The Ombudsperson Institution presented the Report on National Assessment of Sexual and Reproductive Health and Rights in Kosovo
With the aim of reinstatement violated rights of individuals as well as with the intention of setting guaranteed standards and promotion of good practices, the Ombudsperson has presented today the Report SEXUAL AND REPRODUCTIVE HEALTH AND RIGHTS IN KOSOVO: A REALITY BEYOND THE LAW?
Sexual and reproductive health and rights (SRHR) has a protective framework with the Constitution of Republic of Kosovo, which includes not only rights envisaged in the Constitutional Chapter on human rights, but also rights known from international traits on human rights which the Constitution recognizes as directly applicable and prevail over local legislation in case of conflict.
This Report, the first of this kind in Kosovo aims the assessment of progress as well as political, economic, social and cultural barriers on sexual and reproductive health in Kosovo, through the lens of human rights, guaranteed by the State’s Constitution, keeping accountable all respective and responsible authorities towards their legal liabilities versus SRHR, provision of recommendations for actions which ensure potential for progress and Support for accomplishment of SRHR for the Kosovo population.
This Assessment was carried out by the Ombudsperson Institution (OI), with technical guidance and financial support from the United Nations Population Fund (UNFPA) national office in Kosovo and was based on review of documents and relevant publications as well as on consultations with public authorities, civil society, international organisations and field professionals.
The Assessment is focused within the framework of seven key issues: contraceptive information and services; safe abortion, maternal health; HIV/AIDS; comprehensive sexuality education; violence against women;
cancer and reproductive health, having in mind vulnerable groups within the focus of assessment, reliability and availability of data, non-discrimination, privacy including confidentiality, participation etc.
By all means, broader health system and socio-economic context, as two highly relevant issues to understand SRHR, have been taken in consideration during Report drafting, which has identified progress and obstacles areas.
Data was analysed with three overarching questions in mind: what is the status of SRHR of the population of Kosovo, including marginalized groups? Which key laws, policies and initiatives have been adopted by the Government, and what is their implementation status? What are the main consistencies and discrepancies between the constitutional protections of SRHR and the reality?

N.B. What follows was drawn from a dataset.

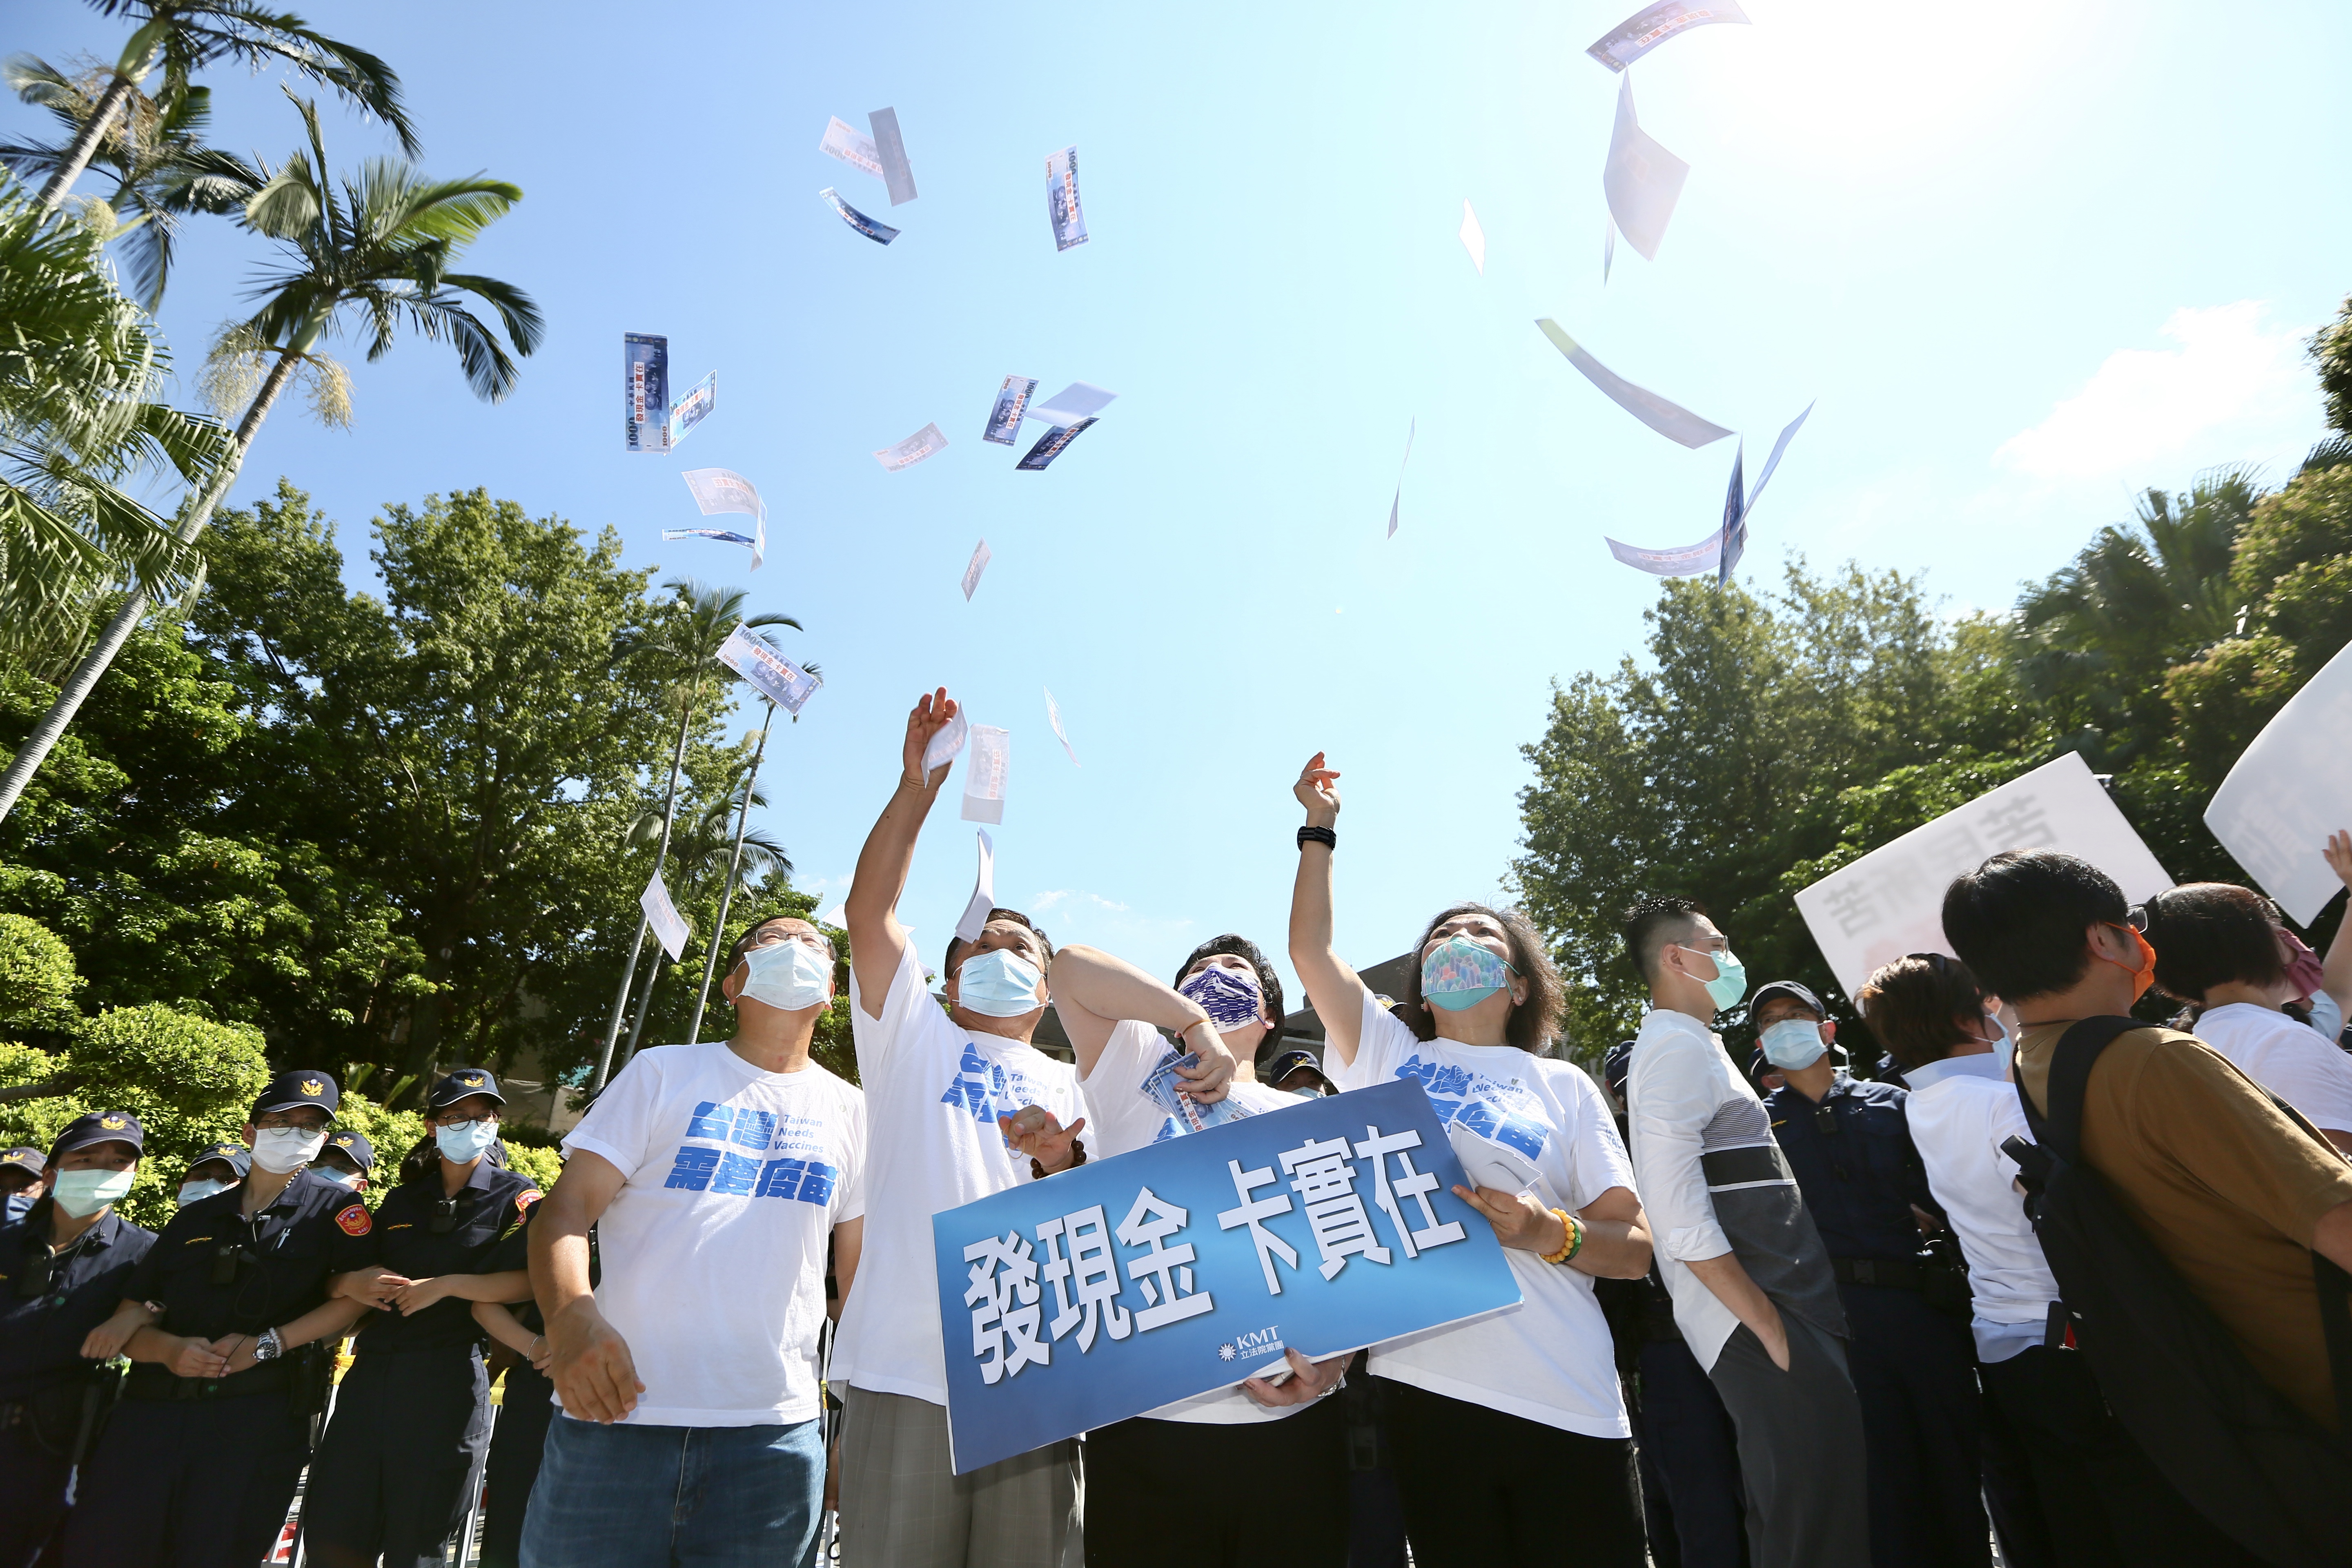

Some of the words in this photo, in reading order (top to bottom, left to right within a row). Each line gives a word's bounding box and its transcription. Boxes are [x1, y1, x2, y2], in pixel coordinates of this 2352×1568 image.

The Report ascertains that Kosovo has tangible progress with regard to a strong constitutional framework for the protection of SRHR; an extensive number of relevant laws and policies; progress/achievements in developing a new health system with an appropriate referral system and in particular with SRHR issues: low rate of maternal mortality and low prevalence of HIV/AIDS.

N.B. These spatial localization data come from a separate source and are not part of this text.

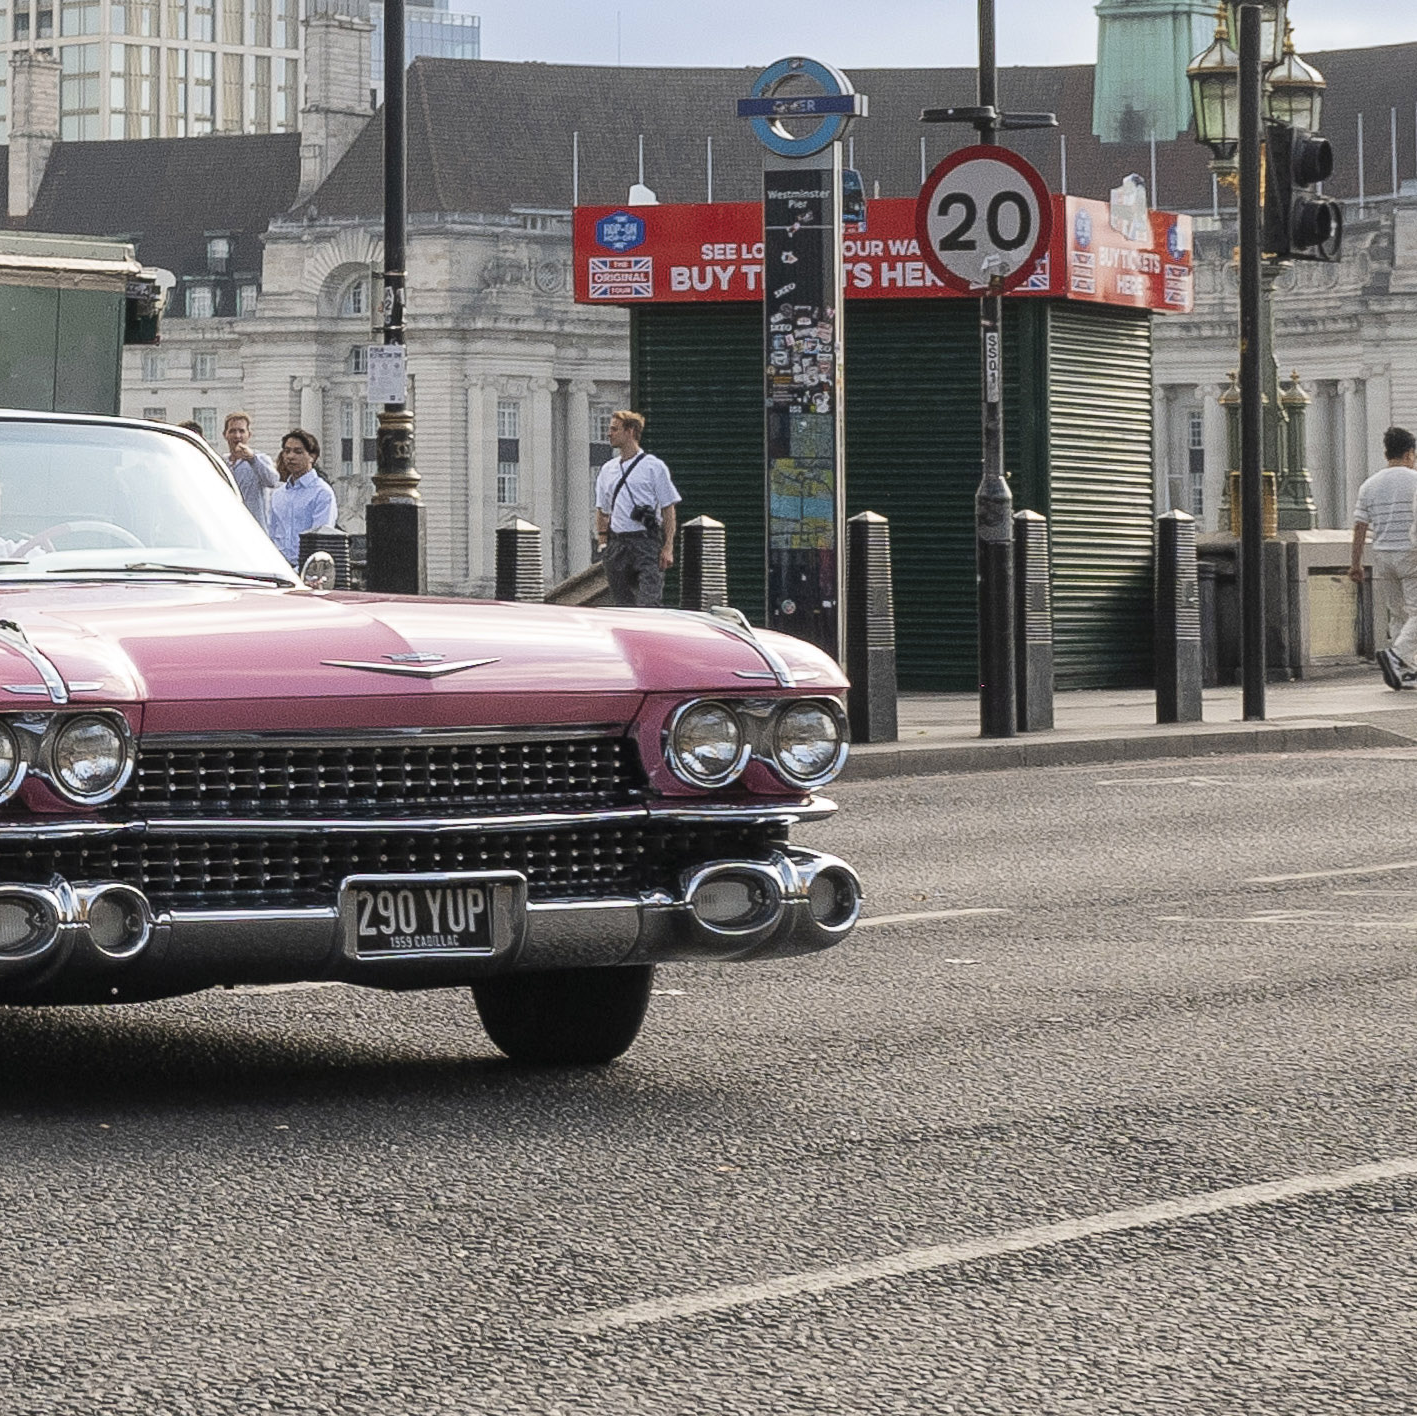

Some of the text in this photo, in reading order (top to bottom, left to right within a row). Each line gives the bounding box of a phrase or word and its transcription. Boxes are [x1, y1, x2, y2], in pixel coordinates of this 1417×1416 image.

[766, 188, 831, 200] Westminster
[788, 199, 808, 209] Pier
[937, 190, 1032, 252] 20
[700, 242, 738, 261] SEE
[594, 272, 648, 283] ORIGINAL
[669, 264, 736, 292] BUY
[358, 888, 485, 936] 290 YUP
[414, 934, 460, 948] CADILLAC

While identified challenges and obstructions have to do with: low levels of budgetary contributions to health; limited implementation of laws and policies; poor coordination between sectors as well as between central and municipal authorities; significant limitations in data collection including in the health information system which is hampered by limited reporting of, and inaccurate data; more limited access to healthcare for persons living in rural areas; and the tendency of the population to bypass family medicine centres and directly seek out specialist sexual and reproductive healthcare; weak monitoring and accountability, including in respect of illegal practices such as clandestine abortion, and implementation of policies, limited participation of the population including marginalized groups in the development of SRHR-related policies, poor respect of the privacy and confidentiality by health professionals, expiring of majority of policies on sexual and reproductive health, etc.
The Report points out that Kosovo amongst others needs to: update, implement and monitor the implementation of policies, develop the HIS so that appropriate and disaggregated data is routinely collected; extend the provision of age-appropriate compulsory comprehensive sexuality education across all schools; improve privacy and confidentiality in healthcare settings; enhance knowledge of and access to modern methods of contraception; support implementation of the legislative and policy framework on violence against women through raising awareness of SRHR in this context amongst the population, judiciary and other key institutions; address illegal abortion services as well as to address the SRHR of at-risk groups.
The Report “SEXUAL AND REPRODUCTIVE HEALTH AND RIGHTS IN KOSOVO: A REALITY BEYOND THE LAW” unveils 62 recommendations to the responsible authorities, disseminated according to core issues handled and taking in consideration intertwined problems as well as at risk and marginalized groups.
The Report has been published in a hard copy but its electronic copy is available on OI web page as well.